### THE TASK
This calls for a verbatim copy of all the data, with no images carried over.

### PROVIDED MATERIAL
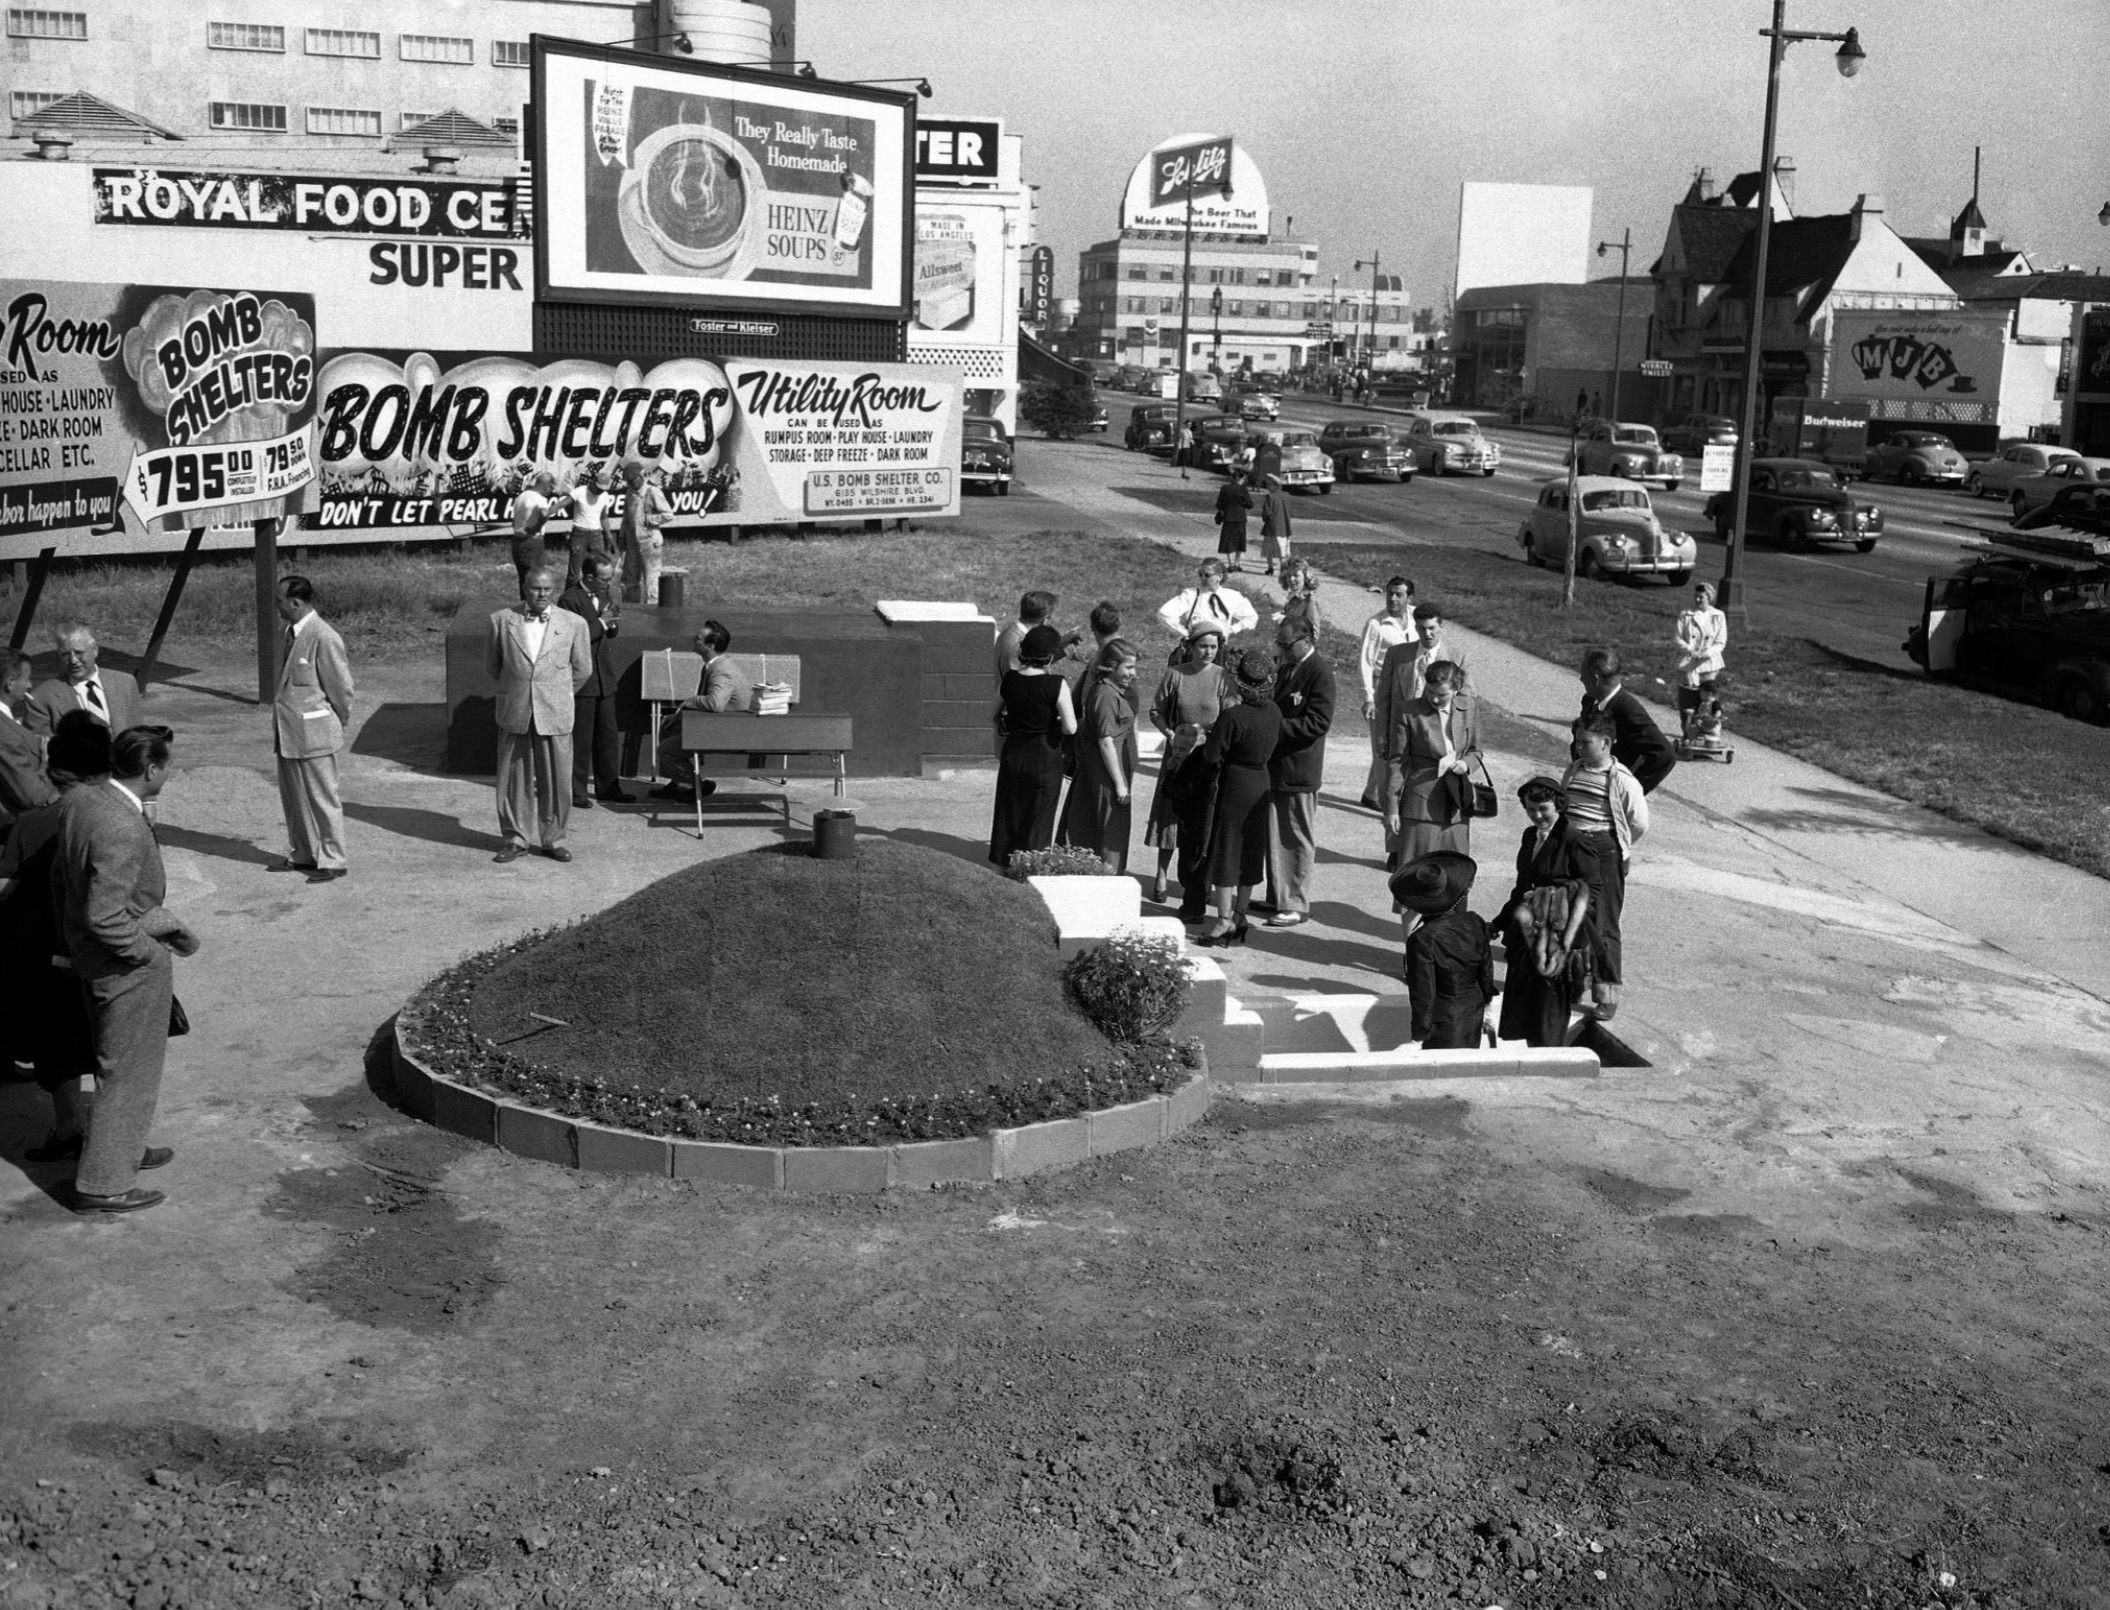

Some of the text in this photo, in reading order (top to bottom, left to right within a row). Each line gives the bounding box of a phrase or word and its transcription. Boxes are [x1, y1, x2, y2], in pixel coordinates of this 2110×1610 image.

[735, 116, 857, 151] They Really Taste
[767, 145, 847, 173] Homemade
[107, 174, 507, 232] ROYAL FOOD CE
[1207, 208, 1230, 218] Beer
[1235, 209, 1257, 219] That
[767, 204, 828, 234] HEINZ
[931, 221, 965, 230] MADE IN
[1135, 215, 1161, 225] Made
[1220, 219, 1258, 230] Famous
[767, 233, 826, 260] SOUPS
[920, 230, 974, 239] LOS ANGELES
[369, 242, 524, 291] SUPER
[919, 261, 963, 280] Allsweet
[1037, 250, 1049, 321] LIQUOR
[8, 292, 121, 382] Room
[695, 320, 726, 331] Foster
[739, 322, 775, 334] Kleiser
[158, 296, 262, 392] BOMB
[1862, 343, 1946, 381] MJB
[42, 370, 58, 382] AS
[2, 388, 114, 414] HOUSE LAUNDRY
[167, 350, 311, 446] SHELTERS
[738, 370, 942, 429] Utility Room
[20, 418, 60, 440] DARK
[63, 416, 103, 439] ROOM
[320, 383, 728, 462] BOMB SHELTERS
[787, 419, 883, 428] CAN BE USED AS
[1804, 415, 1866, 428] Budweiser
[764, 431, 933, 444] RUMPUS ROOM PLAY HOUSE LAUNDRY
[62, 444, 95, 468] ETC.
[291, 452, 306, 466] DOWN
[769, 448, 928, 462] STORAGE DEEP FREEZE DARK ROOM
[227, 476, 257, 486] COMPLETELY
[288, 467, 311, 485] Financing
[813, 472, 943, 487] U.S. BOMB SHELTER CO.
[231, 486, 255, 496] INSTALLED
[860, 487, 900, 496] WILSHIRE
[28, 489, 71, 526] happen
[75, 489, 87, 516] to
[90, 496, 111, 521] you
[320, 498, 383, 525] DON'T
[391, 500, 434, 523] LET
[439, 498, 498, 521] PEARL
[672, 488, 718, 519] YOU!
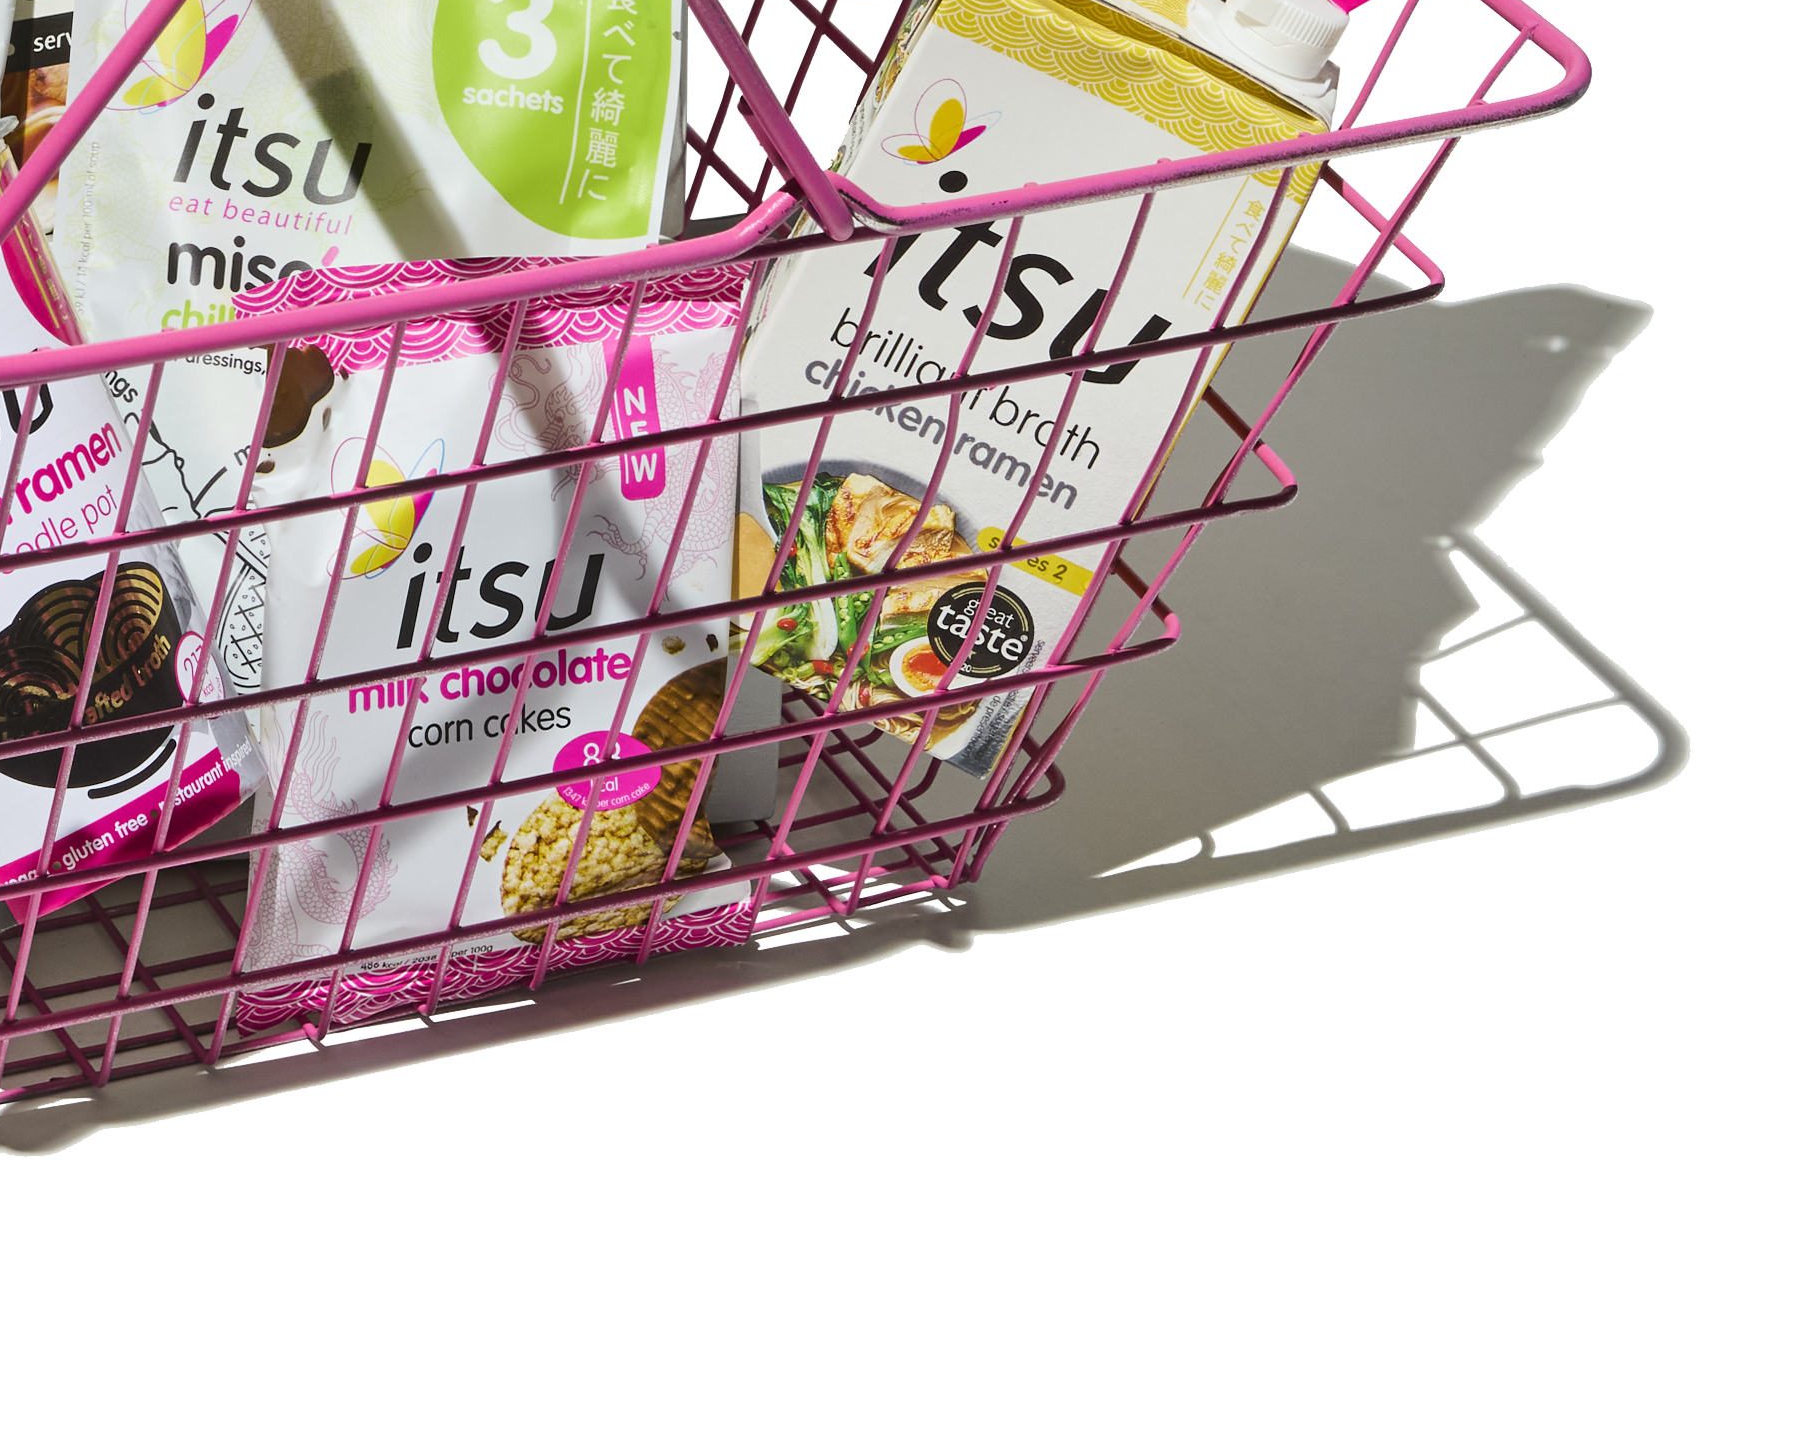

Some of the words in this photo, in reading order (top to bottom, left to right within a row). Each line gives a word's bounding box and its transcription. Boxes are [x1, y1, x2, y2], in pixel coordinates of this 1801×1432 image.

[463, 84, 564, 115] sachets
[173, 94, 373, 205] itsu
[169, 195, 213, 219] eat
[223, 193, 352, 236] beautiful
[1194, 200, 1266, 311] 食べて綺麗に
[830, 307, 989, 410] brillia
[805, 359, 946, 445] chiken
[954, 432, 1078, 510] ramen
[15, 422, 122, 515] ramen
[80, 484, 118, 535] pot
[396, 542, 605, 650] itsu
[1053, 564, 1068, 582] 2
[937, 604, 1024, 661] taste
[964, 599, 1015, 629] geat
[349, 674, 429, 714] milk
[440, 649, 633, 700] chocolate
[408, 718, 474, 748] corn
[62, 831, 114, 871] gluten
[113, 812, 149, 840] free
[223, 736, 253, 773] inspired
[610, 790, 631, 807] corn
[631, 781, 651, 799] cake
[451, 948, 468, 957] per
[470, 944, 493, 954] 100g

### SOLUTION TO THIS TASK
Some of the text in this photo, in reading order (top to bottom, left to right within a row). Each line gives the bounding box of a phrase or word and its transcription. Boxes are [x1, y1, x2, y2], in pixel coordinates of this 2110×1610 image.

[735, 116, 857, 151] They Really Taste
[767, 145, 847, 173] Homemade
[107, 174, 507, 232] ROYAL FOOD CE
[1207, 208, 1230, 218] Beer
[1235, 209, 1257, 219] That
[767, 204, 828, 234] HEINZ
[931, 221, 965, 230] MADE IN
[1135, 215, 1161, 225] Made
[1220, 219, 1258, 230] Famous
[767, 233, 826, 260] SOUPS
[920, 230, 974, 239] LOS ANGELES
[369, 242, 524, 291] SUPER
[919, 261, 963, 280] Allsweet
[1037, 250, 1049, 321] LIQUOR
[8, 292, 121, 382] Room
[695, 320, 726, 331] Foster
[739, 322, 775, 334] Kleiser
[158, 296, 262, 392] BOMB
[1862, 343, 1946, 381] MJB
[42, 370, 58, 382] AS
[2, 388, 114, 414] HOUSE LAUNDRY
[167, 350, 311, 446] SHELTERS
[738, 370, 942, 429] Utility Room
[20, 418, 60, 440] DARK
[63, 416, 103, 439] ROOM
[320, 383, 728, 462] BOMB SHELTERS
[787, 419, 883, 428] CAN BE USED AS
[1804, 415, 1866, 428] Budweiser
[764, 431, 933, 444] RUMPUS ROOM PLAY HOUSE LAUNDRY
[62, 444, 95, 468] ETC.
[291, 452, 306, 466] DOWN
[769, 448, 928, 462] STORAGE DEEP FREEZE DARK ROOM
[227, 476, 257, 486] COMPLETELY
[288, 467, 311, 485] Financing
[813, 472, 943, 487] U.S. BOMB SHELTER CO.
[231, 486, 255, 496] INSTALLED
[860, 487, 900, 496] WILSHIRE
[28, 489, 71, 526] happen
[75, 489, 87, 516] to
[90, 496, 111, 521] you
[320, 498, 383, 525] DON'T
[391, 500, 434, 523] LET
[439, 498, 498, 521] PEARL
[672, 488, 718, 519] YOU!

Some of the words in this photo, in reading order (top to bottom, left to right within a row). Each line gives a word's bounding box and its transcription. Boxes are [x1, y1, x2, y2], in pixel coordinates of this 1801×1432 image.

[463, 84, 564, 115] sachets
[173, 94, 373, 205] itsu
[169, 195, 213, 219] eat
[223, 193, 352, 236] beautiful
[1194, 200, 1266, 311] 食べて綺麗に
[830, 307, 989, 410] brillia
[805, 359, 946, 445] chiken
[954, 432, 1078, 510] ramen
[15, 422, 122, 515] ramen
[80, 484, 118, 535] pot
[396, 542, 605, 650] itsu
[1053, 564, 1068, 582] 2
[937, 604, 1024, 661] taste
[964, 599, 1015, 629] geat
[349, 674, 429, 714] milk
[440, 649, 633, 700] chocolate
[408, 718, 474, 748] corn
[62, 831, 114, 871] gluten
[113, 812, 149, 840] free
[223, 736, 253, 773] inspired
[610, 790, 631, 807] corn
[631, 781, 651, 799] cake
[451, 948, 468, 957] per
[470, 944, 493, 954] 100g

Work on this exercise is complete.